According to the docs, using an On Premise mail server should be as simple as configuring a destination with proxy type "OnPremise" and Cloud SDK would handle the SOCKS5 proxy. So I configured our CC with a Cloud To On-Premise Mapping of a virtual system "mail.server.com:25" to our internal mail server also running on Port 25 (TCP).

I then created the following destination:

using "mail.smtp.starttls.enable: true" and "mail.transport.protocol: smtp" for the non-readable properties (Mail server accepts un-authenticated, non-TLS requests on port 25 originating from our internal network. I have to set BasicAuthentication since NoAuthentication is rejected by mail-client#buildMailDestination.
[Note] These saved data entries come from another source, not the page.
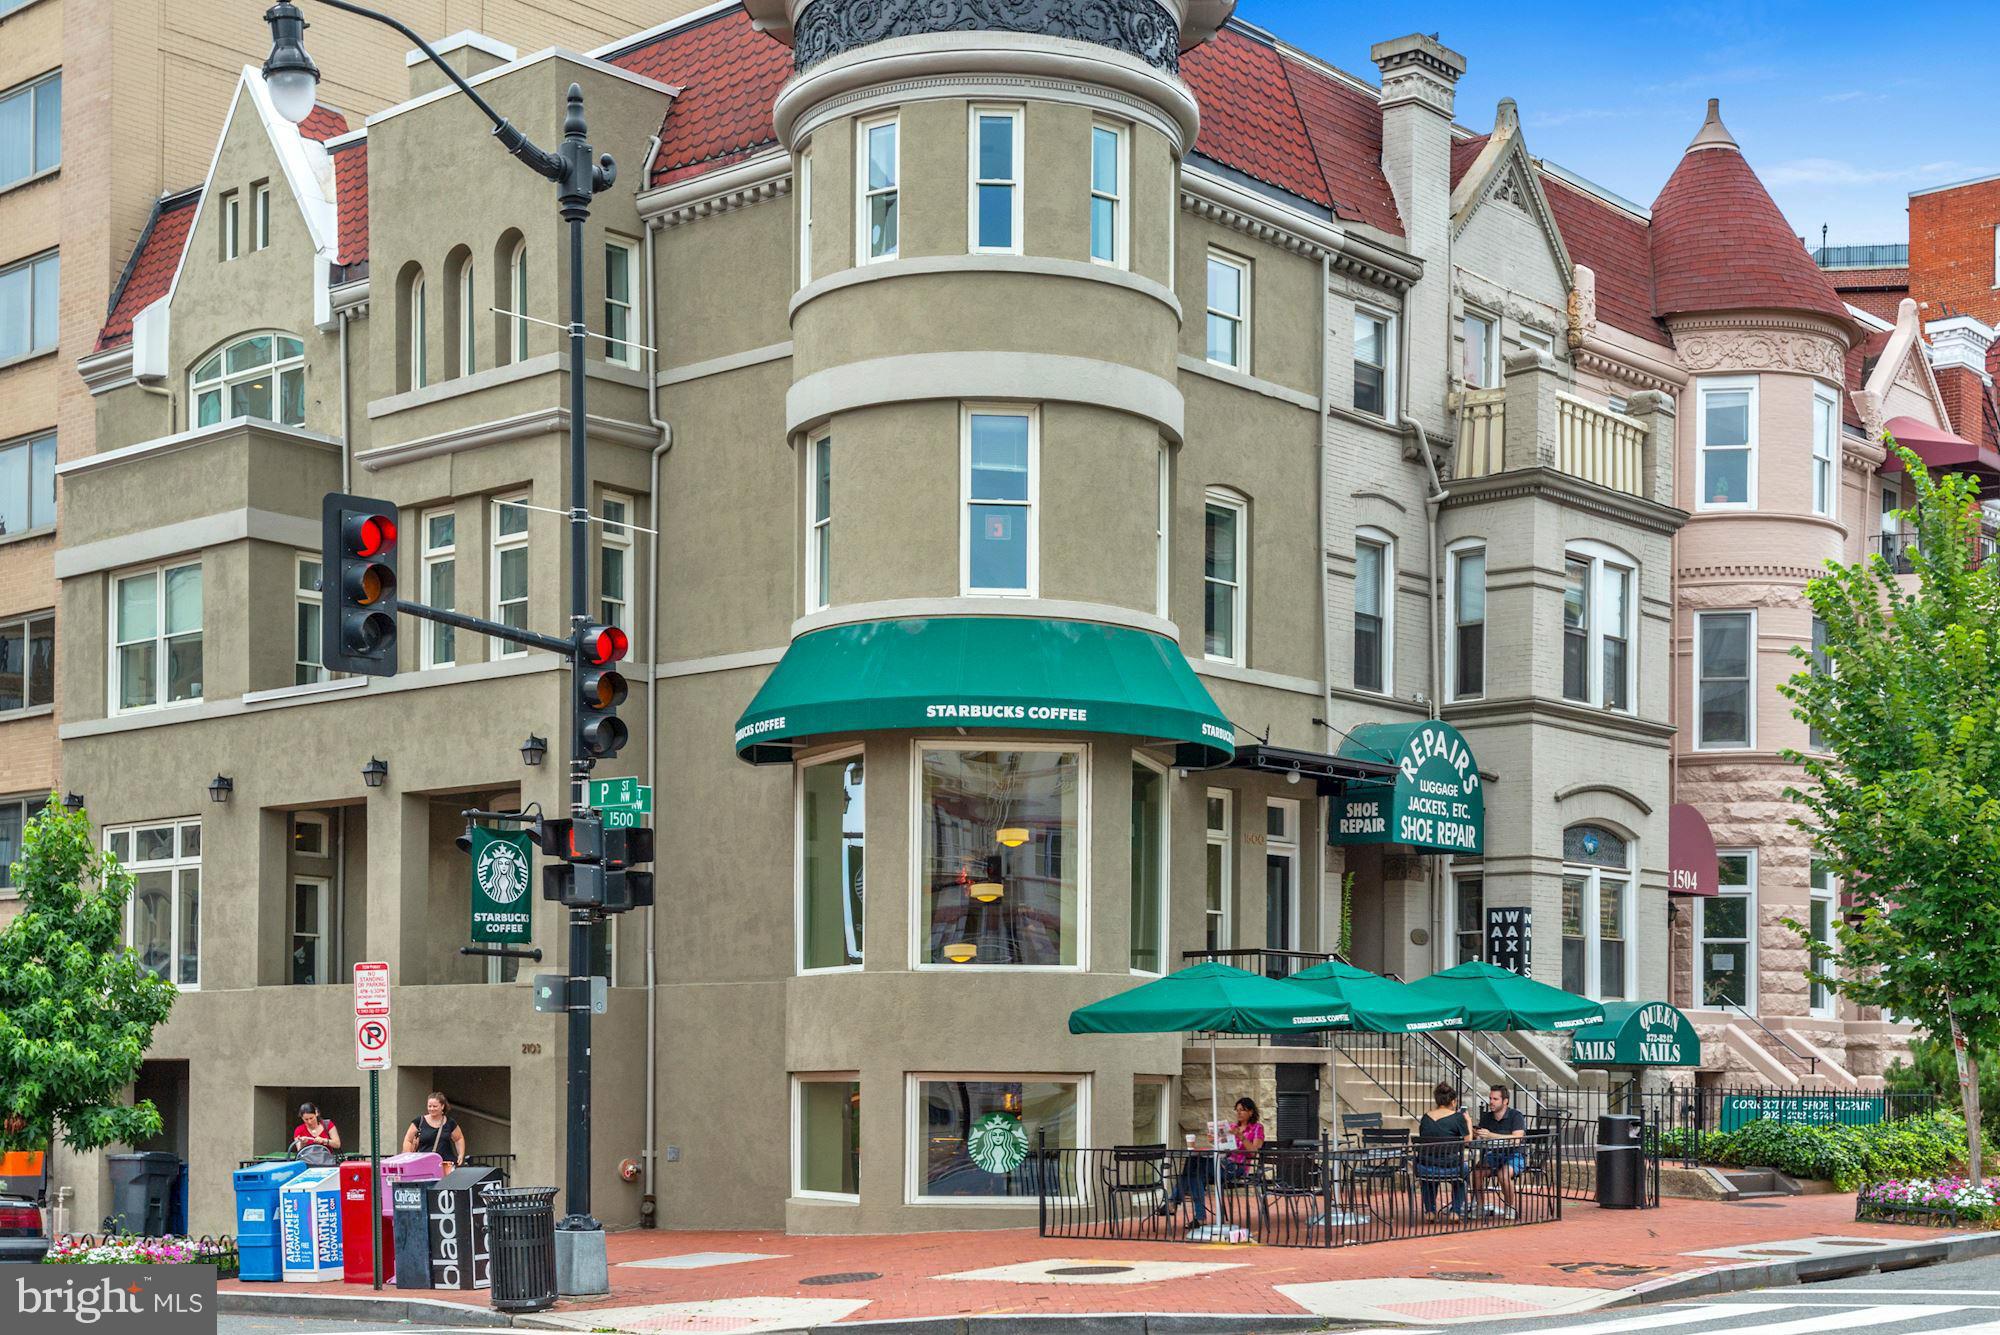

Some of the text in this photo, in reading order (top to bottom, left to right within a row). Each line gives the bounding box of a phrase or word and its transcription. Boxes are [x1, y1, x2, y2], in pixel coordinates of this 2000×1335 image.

[926, 705, 1087, 721] STARBUCKS COFFEE
[755, 716, 786, 734] COFFEE
[1201, 722, 1235, 747] STARBUCK
[1400, 728, 1479, 796] REPAIRS
[601, 783, 609, 803] P
[621, 780, 630, 791] ST
[636, 789, 642, 799] T
[1419, 779, 1459, 797] LUGGAGE
[620, 791, 630, 803] NW
[1346, 802, 1379, 818] SHOE
[1408, 796, 1471, 819] JACKETS, ETC.
[609, 811, 634, 827] 1500
[1340, 817, 1386, 834] REPAIR
[1401, 815, 1476, 848] SHOE REPAIR
[1673, 869, 1698, 890] 1504
[474, 912, 530, 923] STARBUCKS
[485, 923, 524, 933] COFFEE
[1505, 911, 1519, 952] WAX
[1490, 911, 1503, 967] NAIL
[1524, 913, 1532, 978] NAILS
[1292, 1015, 1327, 1025] STARBUCKS
[1639, 1004, 1680, 1033] QUEEN
[1574, 1040, 1616, 1061] NAILS
[1639, 1042, 1681, 1063] NAILS
[1732, 1099, 1873, 1111] CORRECTIVE SHOE REPAIR
[284, 1198, 296, 1263] APARTMENT
[318, 1197, 331, 1263] APARTMENT
[430, 1189, 460, 1290] blade
Using the same parameters without Authentication does in fact work with Java using the template from https://help.sap.com/docs/connectivity/sap-btp-connectivity-cf/using-tcp-protocol-for-cloud-applicat...).

However, cloud sdk complains that "The proxy configuration is undefined, which is mandatory for creating a socket connection" (Source of Error).

So I started to debug the destination and stumbled upon the connectivity-service#addProxyConfigurationOnPrem method that seems to provide the expected Socks proxy to the destination, but that method is not invoked. Turns out that destination-service-types#isHttpDestination evaluates to "false" as the MAIL destination has no url and the type is set, which in turn results in destination-from-service#getDestinationFromDestinationService to skip the addition of the proxy setting.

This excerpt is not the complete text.